**THE TASK**
Copy all lines below exactly as written. Leave pictures out.

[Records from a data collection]
※
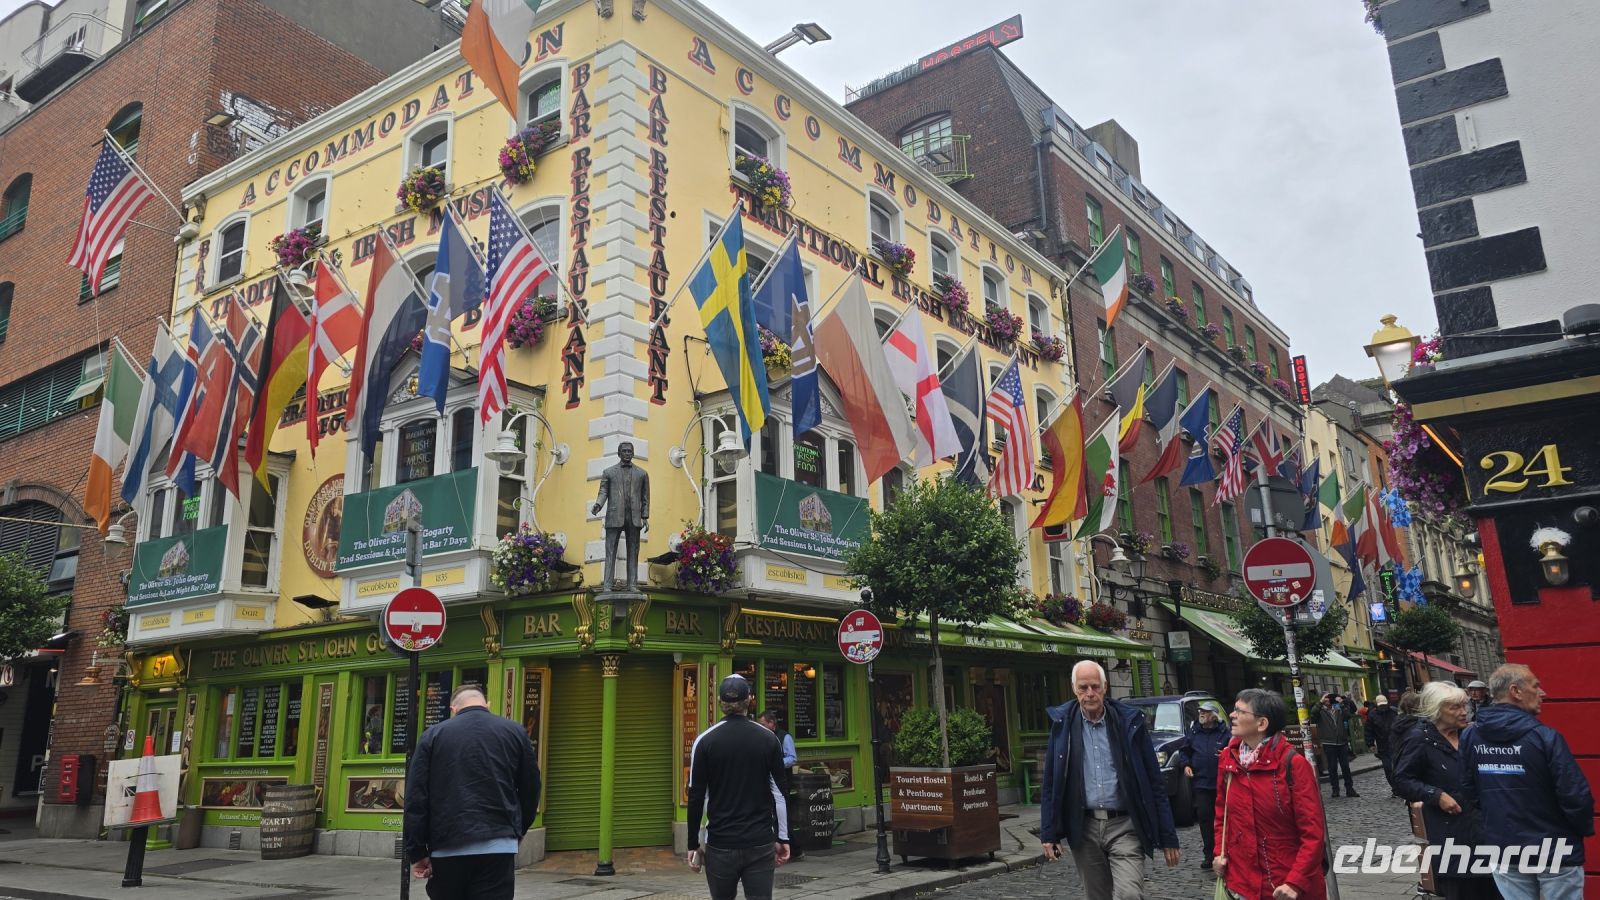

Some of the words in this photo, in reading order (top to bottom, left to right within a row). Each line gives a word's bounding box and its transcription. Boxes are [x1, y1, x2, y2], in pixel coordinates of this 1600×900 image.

[571, 63, 593, 143] BAR
[648, 64, 670, 147] BAR
[688, 36, 1033, 287] ACCOMMODATION
[561, 146, 593, 410] RESTAURANT
[648, 147, 670, 406] RESTAURANT
[1296, 357, 1310, 404] HOSTEL
[1480, 444, 1575, 496] 24
[422, 525, 454, 539] Gogarty
[429, 541, 442, 550] Bar
[442, 537, 449, 546] 7
[449, 535, 468, 547] Days
[763, 534, 779, 545] Trad
[779, 538, 807, 549] Sessions
[807, 542, 813, 551] &
[775, 524, 788, 536] The
[789, 527, 810, 540] Oliver
[820, 534, 835, 544] John
[835, 536, 861, 549] Gogarty
[353, 540, 367, 551] The
[367, 536, 390, 548] Oliver
[304, 540, 327, 572] DUBLIN
[339, 555, 354, 565] Trad
[355, 551, 384, 562] Sessions
[384, 549, 391, 558] &
[139, 582, 148, 591] The
[187, 573, 209, 586] Gogarty
[139, 592, 159, 600] Sessions
[176, 586, 191, 597] Night
[190, 585, 200, 593] Bar
[204, 582, 216, 592] Days
[523, 613, 563, 639] BAR
[665, 609, 703, 635] BAR
[744, 616, 830, 641] RESTAURANT
[211, 649, 236, 671] THE
[242, 645, 291, 668] OLIVER
[298, 640, 318, 660] ST.
[320, 636, 358, 659] JOHN
[153, 657, 168, 678] 57
[1474, 745, 1514, 755] Vikenco
[896, 775, 922, 785] Tourist
[923, 775, 947, 785] Hostel
[899, 788, 905, 797] &
[906, 789, 943, 799] Penthouse
[963, 787, 986, 798] Penthouse
[900, 802, 943, 813] Apartments
[962, 801, 989, 812] Apartments
※
**ANSWER BOX**
Some of the words in this photo, in reading order (top to bottom, left to right within a row). Each line gives a word's bounding box and its transcription. Boxes are [x1, y1, x2, y2], in pixel coordinates of this 1600×900 image.

[571, 63, 593, 143] BAR
[648, 64, 670, 147] BAR
[688, 36, 1033, 287] ACCOMMODATION
[561, 146, 593, 410] RESTAURANT
[648, 147, 670, 406] RESTAURANT
[1296, 357, 1310, 404] HOSTEL
[1480, 444, 1575, 496] 24
[422, 525, 454, 539] Gogarty
[429, 541, 442, 550] Bar
[442, 537, 449, 546] 7
[449, 535, 468, 547] Days
[763, 534, 779, 545] Trad
[779, 538, 807, 549] Sessions
[807, 542, 813, 551] &
[775, 524, 788, 536] The
[789, 527, 810, 540] Oliver
[820, 534, 835, 544] John
[835, 536, 861, 549] Gogarty
[353, 540, 367, 551] The
[367, 536, 390, 548] Oliver
[304, 540, 327, 572] DUBLIN
[339, 555, 354, 565] Trad
[355, 551, 384, 562] Sessions
[384, 549, 391, 558] &
[139, 582, 148, 591] The
[187, 573, 209, 586] Gogarty
[139, 592, 159, 600] Sessions
[176, 586, 191, 597] Night
[190, 585, 200, 593] Bar
[204, 582, 216, 592] Days
[523, 613, 563, 639] BAR
[665, 609, 703, 635] BAR
[744, 616, 830, 641] RESTAURANT
[211, 649, 236, 671] THE
[242, 645, 291, 668] OLIVER
[298, 640, 318, 660] ST.
[320, 636, 358, 659] JOHN
[153, 657, 168, 678] 57
[1474, 745, 1514, 755] Vikenco
[896, 775, 922, 785] Tourist
[923, 775, 947, 785] Hostel
[899, 788, 905, 797] &
[906, 789, 943, 799] Penthouse
[963, 787, 986, 798] Penthouse
[900, 802, 943, 813] Apartments
[962, 801, 989, 812] Apartments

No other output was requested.